High new vape product ambitions and an attractive dividend yield continue to offset ethical concerns for many investors.
Second-half trading update
- Maintaining 2020 guidance
- Constant currency adjusted revenue growth now expected to be at the high end of the 1-3% range
- Mid-single figure constant currency adjusted diluted earnings per share growth
- Continued deleveraging of the balance sheet
- A dividend pay-out ratio of 65% of adjusted diluted EPS and growth in sterling terms
Chief executive Jack Bowles said:
"We are transforming our business in order to build A Better Tomorrow. Reducing the health impact of our business through providing a range of enjoyable and less risky products is the greatest contribution we can make to society. We continue to be clear that combustible cigarettes pose serious health risks, and the only way to avoid these risks is not to start or to quit. BAT encourages those who would otherwise continue to smoke to switch completely to scientifically substantiated reduced risk alternatives.
"Covid-19 has made this a difficult year for everyone, and I am proud of the continued commitment and dedication of our people around the world. It is their hard work that has ensured we are on track to deliver a strong set of results in 2020, given this backdrop. We are confident about the future for BAT and are committed to our 2025 New Category revenue ambition of £5 billion. While the environment remains uncertain, due to the continuing challenges of Covid-19, the business is performing strongly."

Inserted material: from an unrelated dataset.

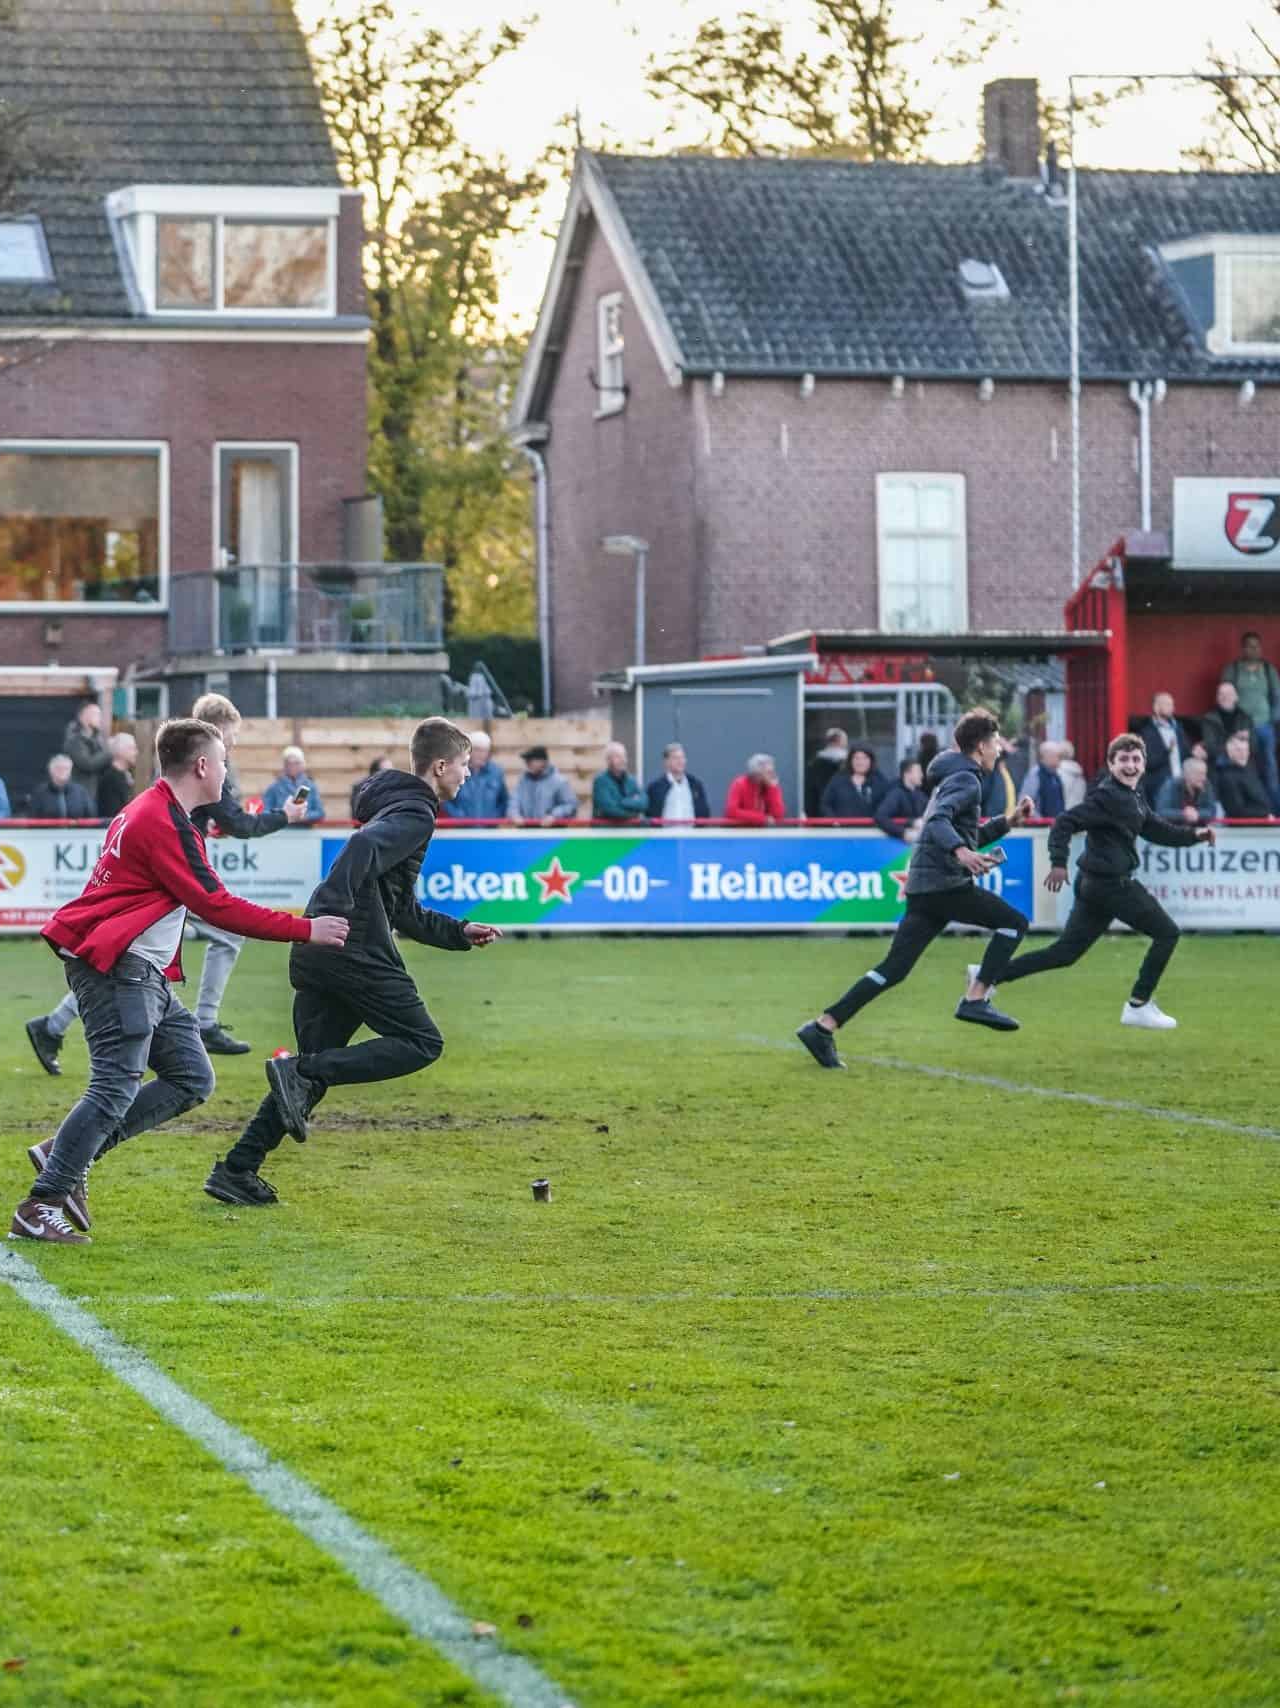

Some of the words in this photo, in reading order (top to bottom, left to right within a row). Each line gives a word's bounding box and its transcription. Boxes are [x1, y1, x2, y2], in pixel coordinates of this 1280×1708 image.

[1141, 844, 1280, 873] fsluizen
[417, 864, 528, 901] eken
[689, 862, 884, 901] Heineken
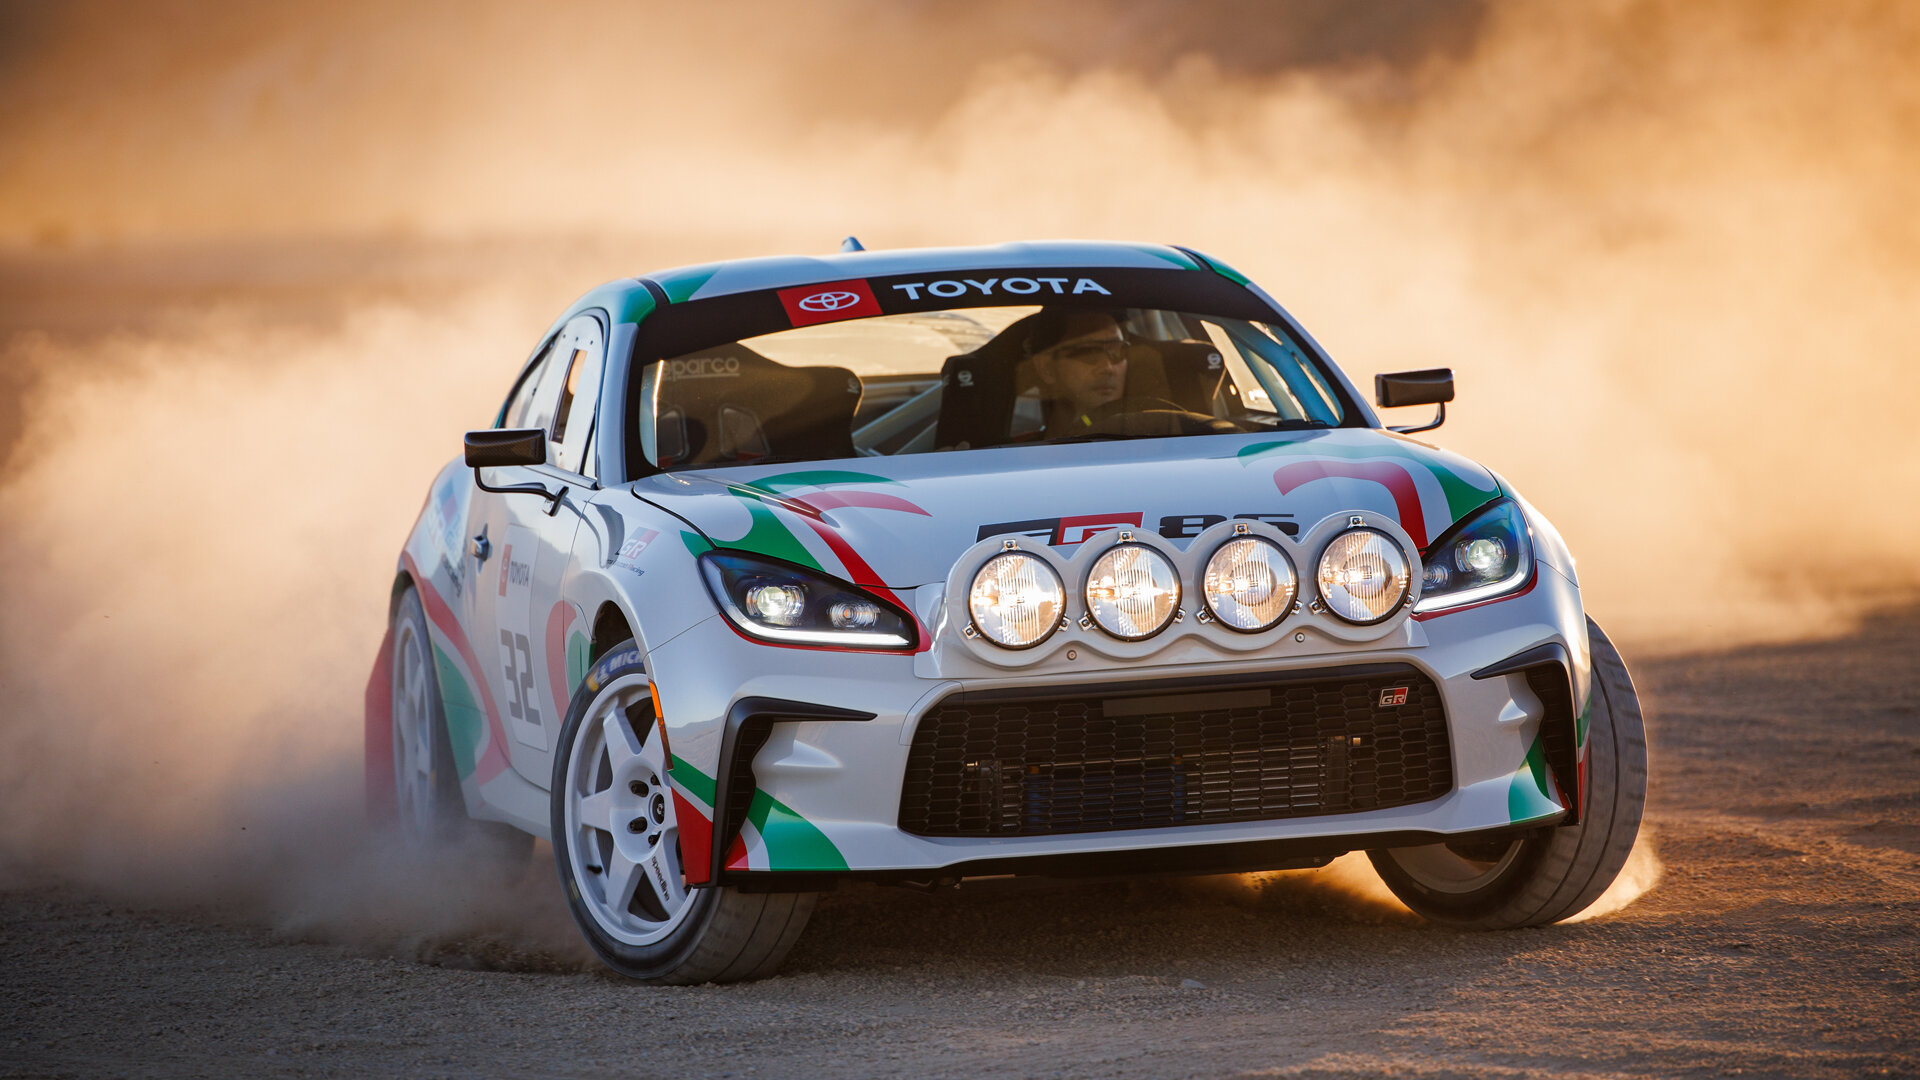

Cigarette and vaping company British American Tobacco (LSE:BATS) has raised its full-year revenue forecast given a lower-than-expected hit from the pandemic, although left its earnings expectation unchanged.
Revenue growth is now expected to be at the upper end of its previous 1% to 3% growth range following a 2.5% sales reduction from Covid-19, down from a previous 3% estimate. Travel related disruption and ultra-quiet airports and ferries hindered performance.
Better sales are being offset by ongoing investment into its new category or vaping products.
BAT shares drifted marginally lower in UK trading, bringing their year-to-date fall to just over 10%. Shares for UK rival Imperial Brands (LSE:IMB) are down by 17% in 2020. Both BAT and Imperial shares have risen by around a fifth since late March pandemic lows.
BAT launched its first new category product - vaping - not long after 2012. It is now targeting new category revenue of £5 billion come 2025. Sales growth was again flagged. Last year, revenue for this lower health risk product arena grew by nearly a third to £1.2 billion. Compared to overall group revenues of almost £26 billion – up nearly 6%.
A series of deaths in the USA during 2019 linked to new category products raised questions over their safety. However, many such deaths appeared to be linked to those vaping a cannabis compound. Excluding US vaping, new categories sales rose by almost 40%.
Debt reduction also remains a focus for the relatively new chief executive. Adjusted net debt over the course of 2019 fell by 4% to just under £42 billion.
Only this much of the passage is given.